On the other hand I need another class that is called RequestForFile(String fileName) whose purpose is to look for a certain file within ArrayLists of files from all users that are logged in at the moment of search.
This is how it should look, and this is where I especially need your help cause I get an error and I can't complete the class.
import java.util.ArrayList;
public class RequestForFile {
public RequestForFile(String fileName) {
User user = new User("Slavisha", "84.82.0.1");
ArrayList<User> listOfUsers = new ArrayList();
listOfUsers.add(user);
for (User someUser : listOfUsers) {
for (String request : User.fileList()) {
if (request.equals(fileName))
System.out.println(someUser + "has that file");
}
}
}
}
The idea is for user to look among the lists of other users and return the user(s) with a location of a wanted file.
GUI aside for now, I will get to it when I fix this problem.
Any help appreciated.
Thanks
I'm here to answer anything regarding this matter.
There are lots of problems here such as:
I don't think that this code can compile:
for (String request : User.fileList())
Because fileList() does not return anything. Then there's the question of why fileList() is static. That means that all User objects are sharing the same list. I guess that you have this becuase you are trying to test your user object from main().
I think instead you should have coded:
myUser = new User(...);
myUser.fileList()
and so fileList could not be static.
You have now explained your overall problem more clearly, but that reveals some deeper problems.

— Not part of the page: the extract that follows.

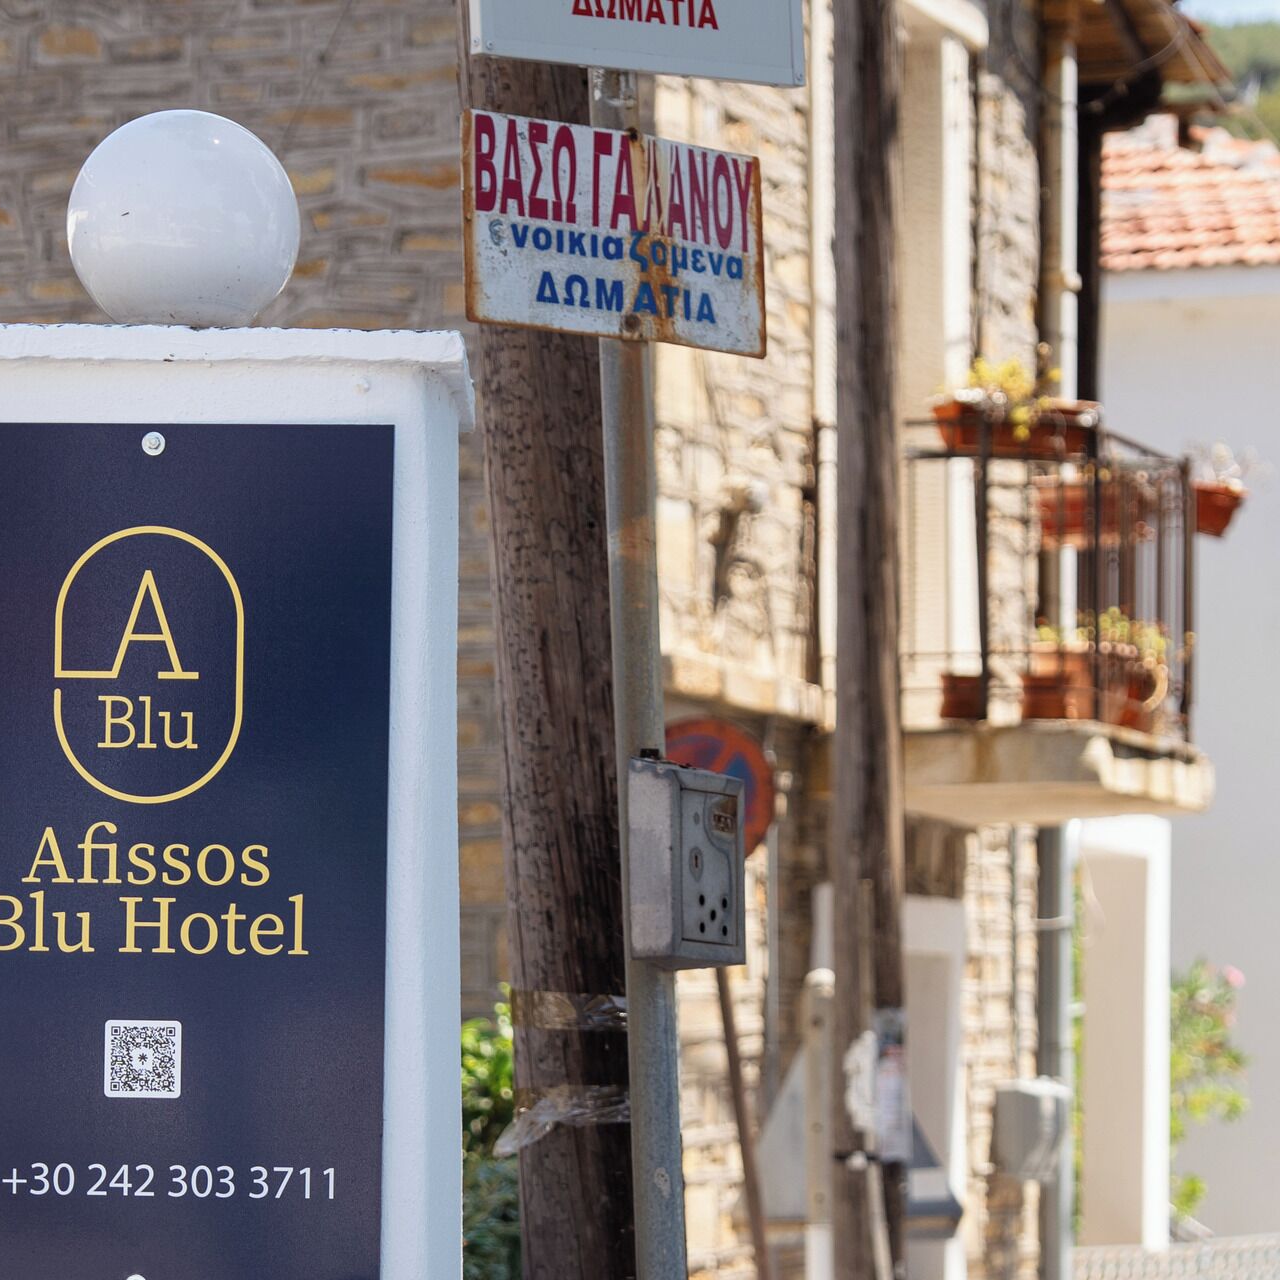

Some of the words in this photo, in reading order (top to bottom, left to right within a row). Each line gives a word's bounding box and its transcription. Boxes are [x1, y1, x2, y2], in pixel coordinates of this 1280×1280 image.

Let's start at the very top. Your request object: I think it represents one request for one user with one file definition. But it needs to go looking in the folders of many users. You add the the requesting user to a list, but what about the others. I think that this means that you need another class responsible for holding all the users.
Anyway lets have a class called UserManager.
UserMananger{
ArrayList<User> allTheUsers;
public UserManager() {
}
// methods here for adding and removing users from the list
// plus a method for doing the search
public ArrayList<FileDefinitions> findFile(request) [
// build the result
}
}
in the "line 14: for (String request : User.fileList()) {" I get this error: "void type not allowed here" and also "foreach not applicable to expression type"
You need to let User.fileList() return a List<String> and not void.
Thus, replace
public static void fileList() {
// ...
}
by
public static List<String> fileList() {
// ...
return list;
}
To learn more about basic Java programming, I can strongly recommend the Sun tutorials available in Trials Covering the Basics chapter here.
It looks like you're getting that error because the fileList() method needs to returns something that can be iterated through - which does not include void, which is what that method returns. As written, fileList is returning information to the console, which is great for your own debugging purposes, but it means that other methods can't get any of the information fileList sends to the console.
On a broader note, why is RequestForFile a separate class? If it just contains one method, you can just write it as a static method, or as a method in the class that's going to call it. Also, how will it get lists of other users? It looks like there's no way to do so as is, as you've hard-coded one user.
And looking at the answers, I'd strongly second djna's suggestion of having some class that acts as the controller/observer of all the Users.